What the task asks
The result should be an exact copy of the entries below, free of pictures.

Working data
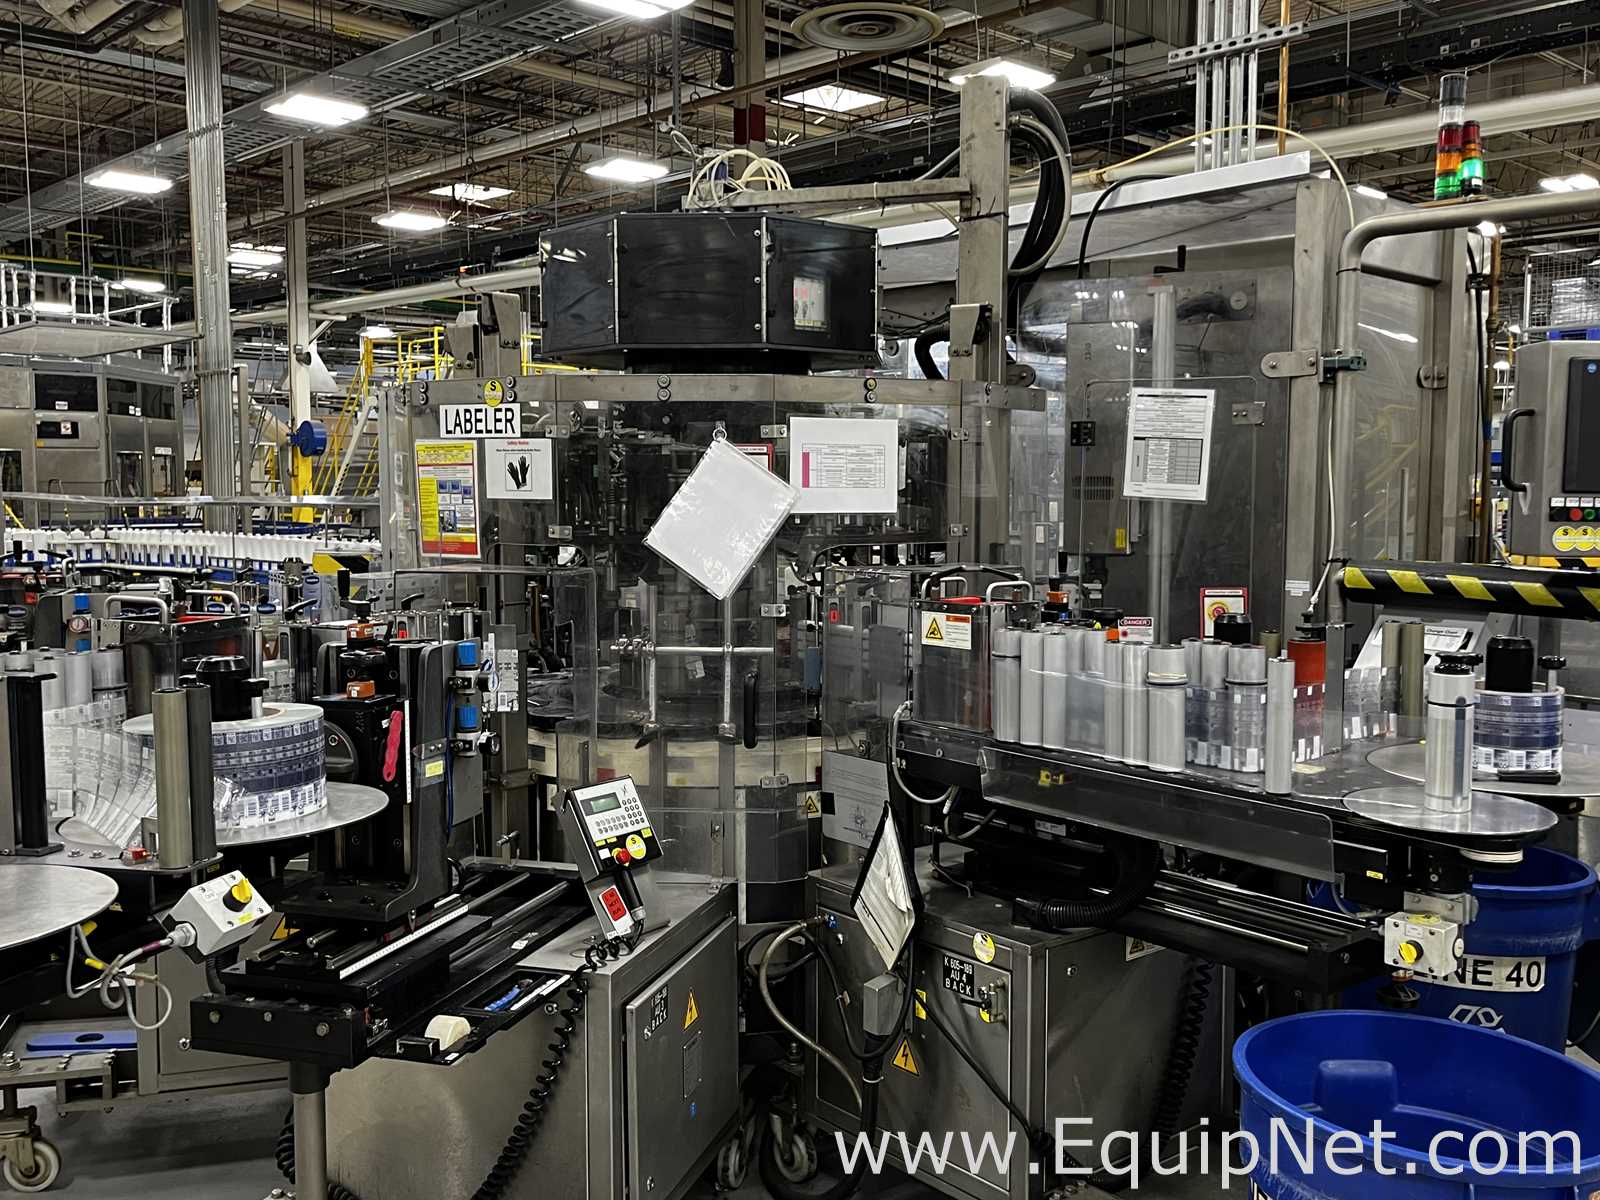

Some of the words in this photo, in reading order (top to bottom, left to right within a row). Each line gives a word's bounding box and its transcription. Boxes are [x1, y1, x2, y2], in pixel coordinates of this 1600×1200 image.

[445, 408, 515, 434] LABELER
[950, 969, 960, 981] AU
[962, 973, 967, 983] 4
[1413, 958, 1494, 987] NE
[1506, 961, 1542, 988] 40
[945, 978, 971, 995] BACK
[651, 1008, 667, 1030] BACK
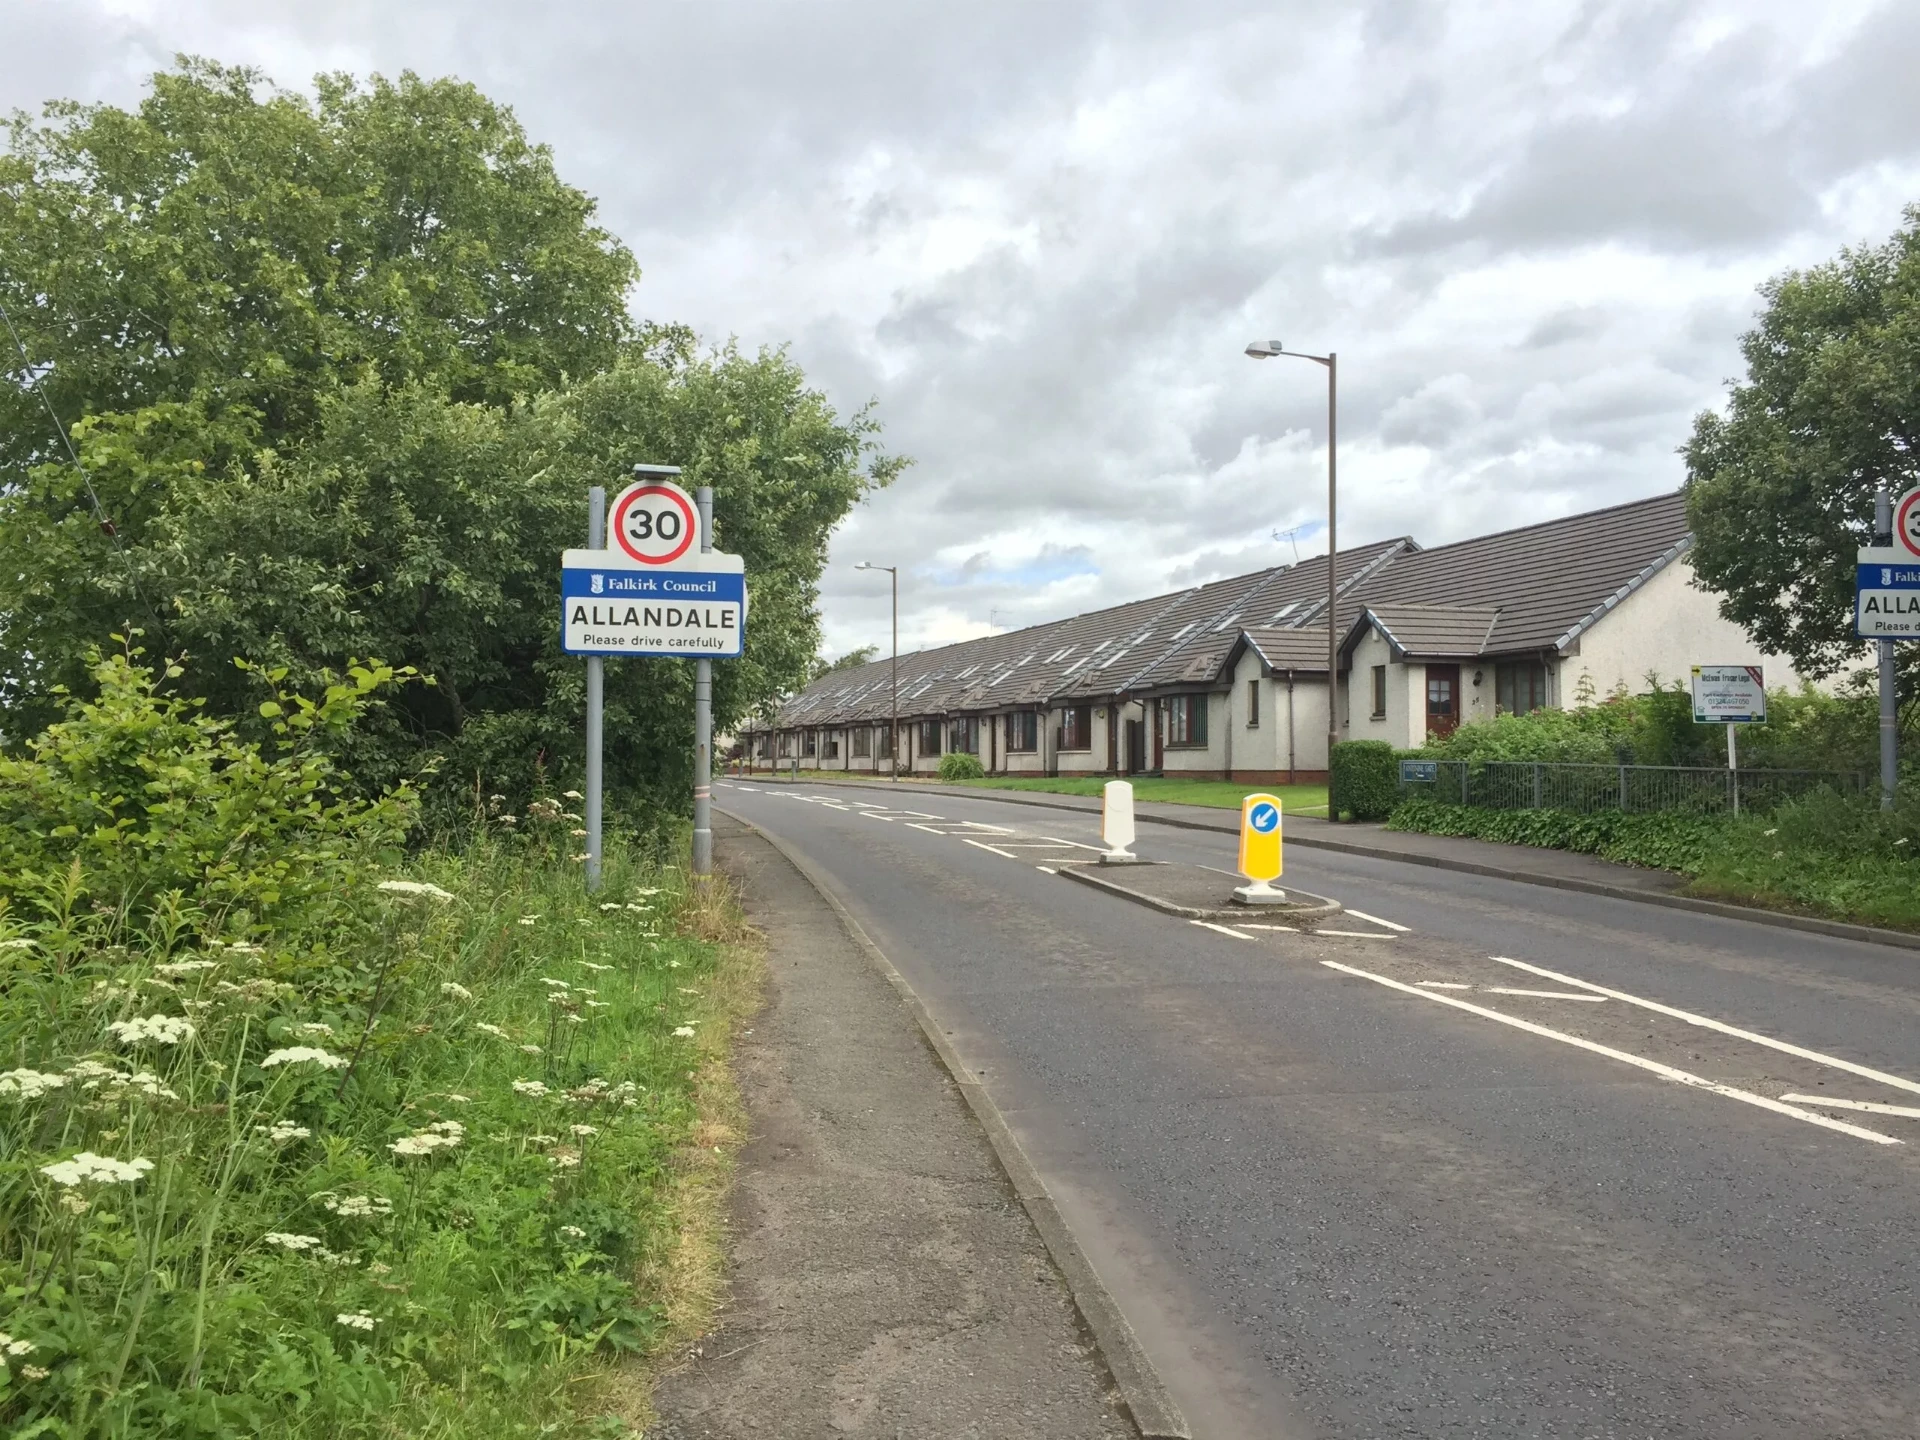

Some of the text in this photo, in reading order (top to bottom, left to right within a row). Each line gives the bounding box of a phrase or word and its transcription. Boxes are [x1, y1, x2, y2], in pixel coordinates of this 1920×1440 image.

Output for this task
Some of the words in this photo, in reading order (top to bottom, left to right within a row). Each line gives a word's bounding box and its transcription. Boxes are [x1, y1, x2, y2], in pixel coordinates of this 1600×1200 image.

[445, 408, 515, 434] LABELER
[950, 969, 960, 981] AU
[962, 973, 967, 983] 4
[1413, 958, 1494, 987] NE
[1506, 961, 1542, 988] 40
[945, 978, 971, 995] BACK
[651, 1008, 667, 1030] BACK

Some of the text in this photo, in reading order (top to bottom, left to right within a row). Each line gives the bounding box of a phrase or word and its transcription. Boxes are [x1, y1, x2, y2], in pixel coordinates of this 1920×1440 image.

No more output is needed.